New,
scalable battery chemistry possibly on the horizon:
https://insideevs.com/news/575609/tesla-elon-musk-potential-manganese-based-battery/
In order to transition the world to sustainable energy, it is estimated that 300 TWh (terawatt-hour) of batteries are needed. That's a number difficult to get your head around. While the short term concern regarding EVs is semiconductor chips, the long term limiting factor will always be batteries, batteries, batteries. This might help grasp the volume:
1 TWh = 1 billion kWh
A long range Model S has a 100 kWh battery pack.
Therefore, the 300 TWh of batteries needed for global sustainable energy, would be equivalent to 3 BILLION long range Model S battery packs. That's a lot. I imagine there is some play in that 300 TWh estimate, but it's still going to be a ridiculously large amount.

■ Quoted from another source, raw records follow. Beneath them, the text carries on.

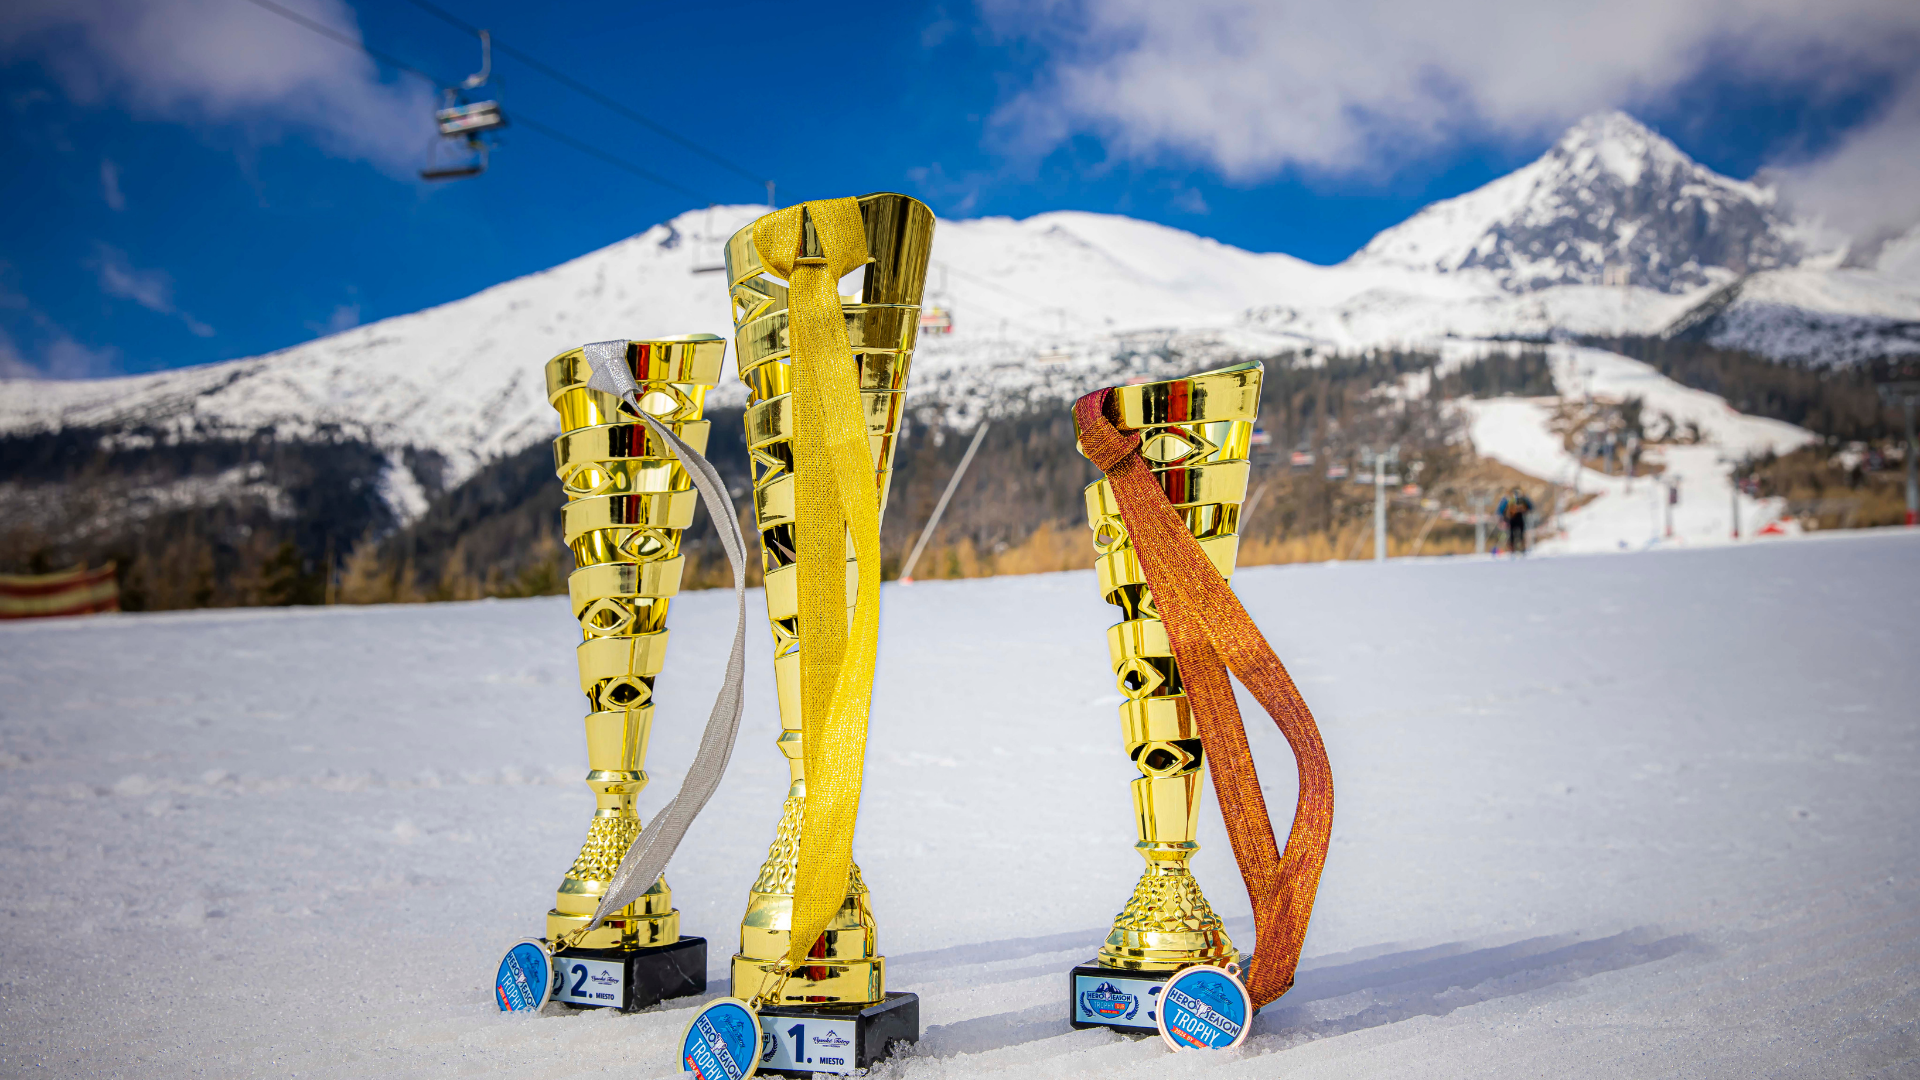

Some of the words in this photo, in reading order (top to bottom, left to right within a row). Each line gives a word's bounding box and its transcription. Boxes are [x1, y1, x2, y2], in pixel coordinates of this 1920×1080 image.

[571, 964, 593, 998] 2.
[596, 992, 615, 1000] MIESTO
[697, 1016, 716, 1043] HERO
[1169, 989, 1197, 1010] HERO
[1205, 1010, 1239, 1036] SEASON
[1172, 1008, 1220, 1046] TROPHY
[787, 1023, 813, 1064] 1.
[819, 1056, 845, 1066] MIESTO
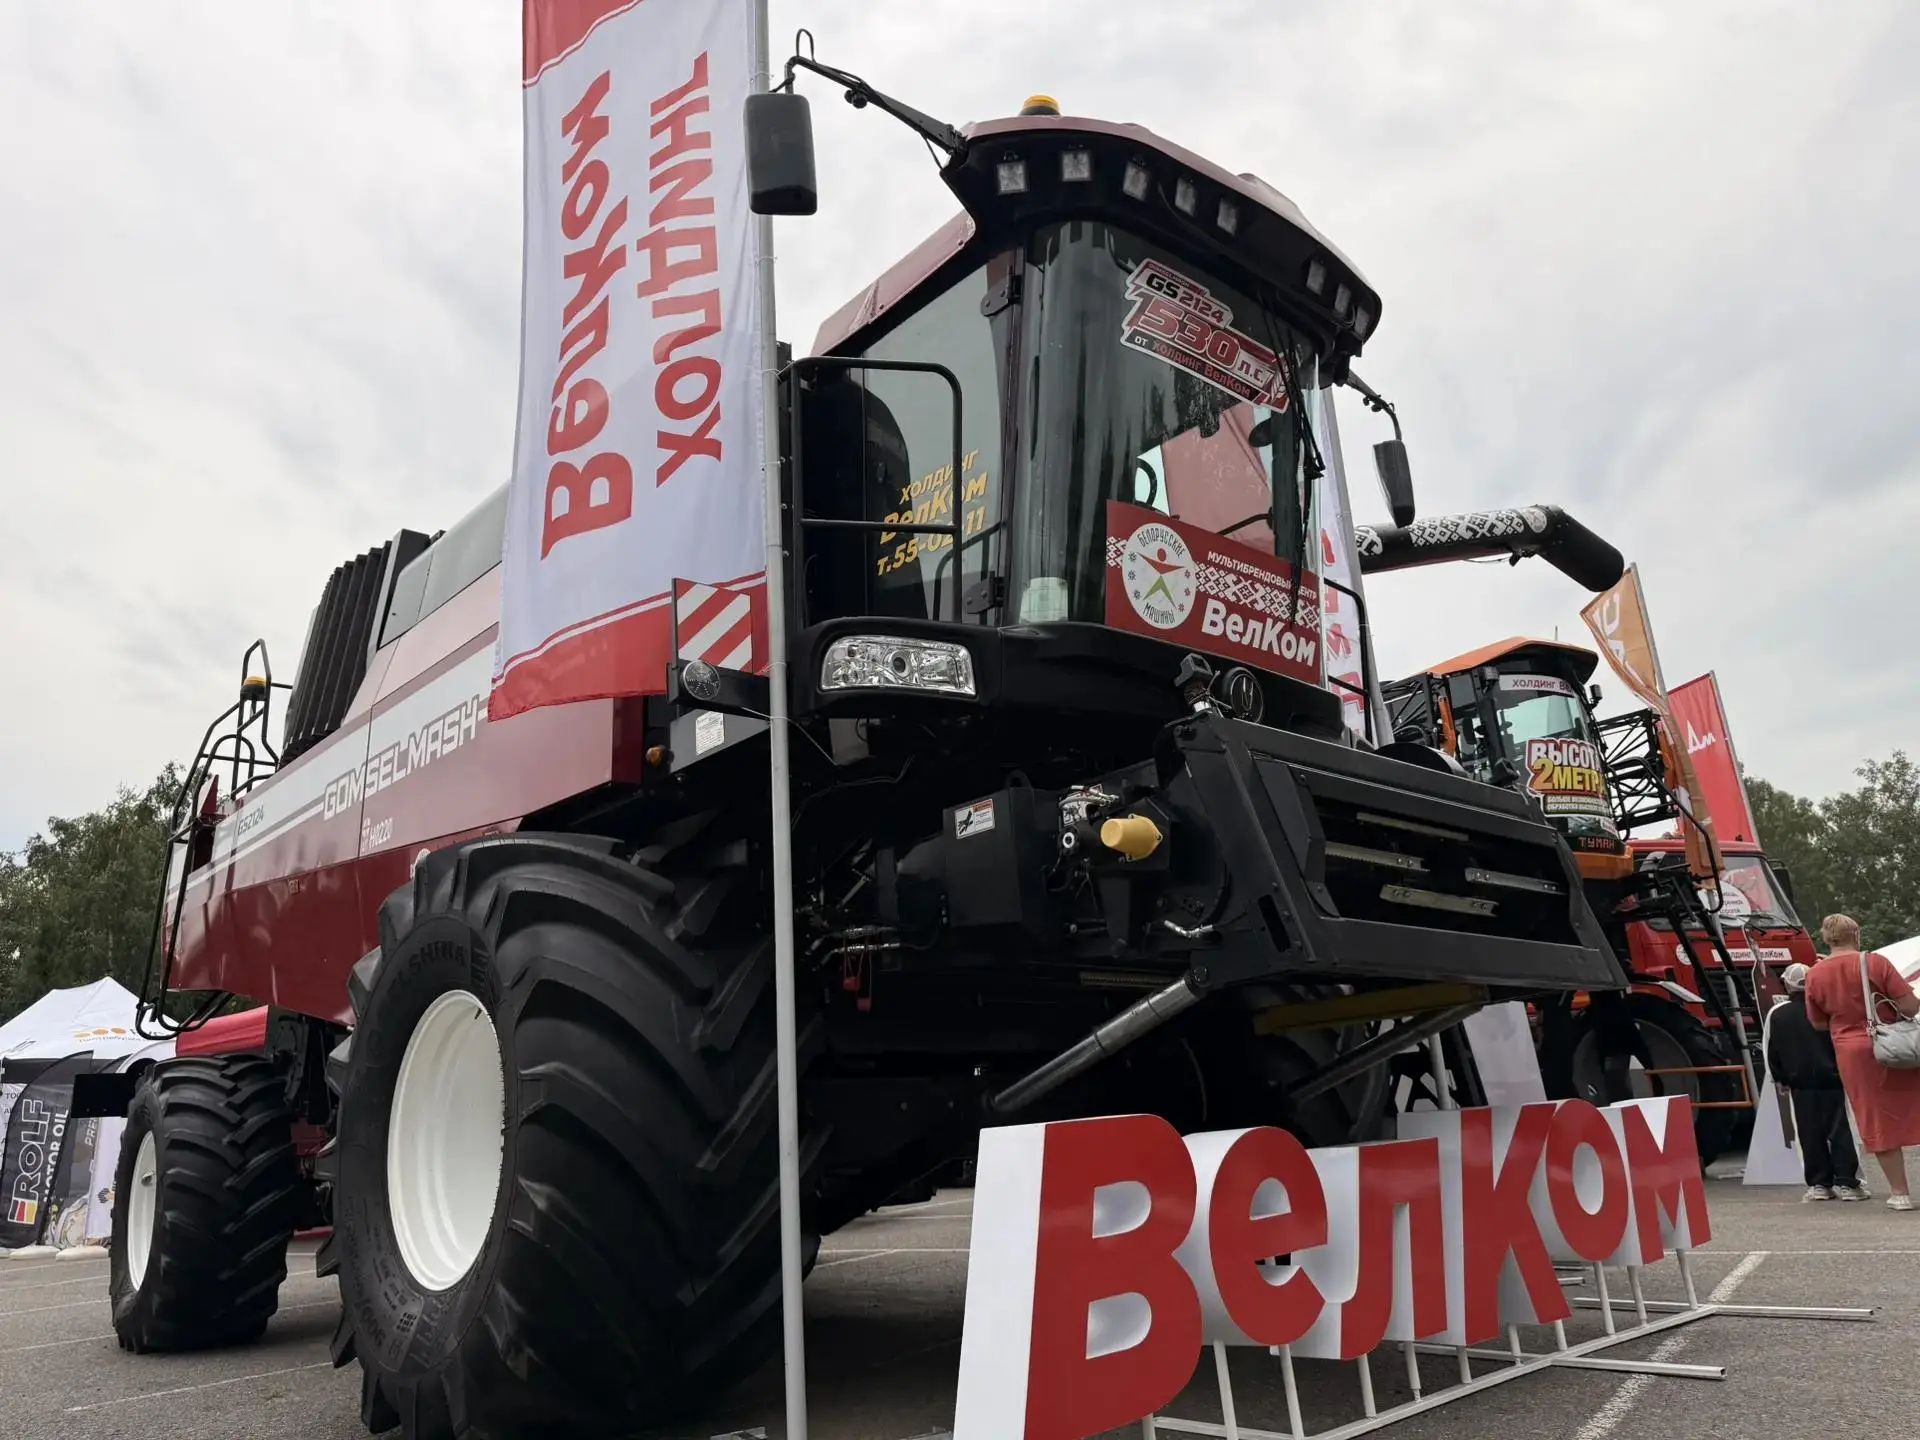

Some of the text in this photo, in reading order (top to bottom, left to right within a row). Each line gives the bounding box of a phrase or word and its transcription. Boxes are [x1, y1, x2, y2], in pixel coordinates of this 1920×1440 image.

[1143, 602, 1175, 625] МАШИНЫ
[1201, 598, 1316, 667] ВелКом
[324, 694, 480, 822] GOMSELMASH
[12, 1099, 51, 1201] ROLF
[53, 1109, 69, 1137] OIL
[1022, 1094, 1712, 1440] ВелКом

Don't expect any battery breakthroughs using rare materials. The cathode materials need to be common/abundant. Iron, manganese, aluminum, nickel to a lesser extent. Forget cobalt.
Battery recycling needs to increase.
Mining needs to increase
If a new battery form factor or chemistry isn't scalable to high volume, it's not happening. Be wary of next latest and greatest. Profitable, large scale production is very, very difficult (see solid state batteries....30 years and still waiting).
The biggest breakthroughs need to come from the manufacturing side. Lithium-ion cells work. Suppliers need to make them faster.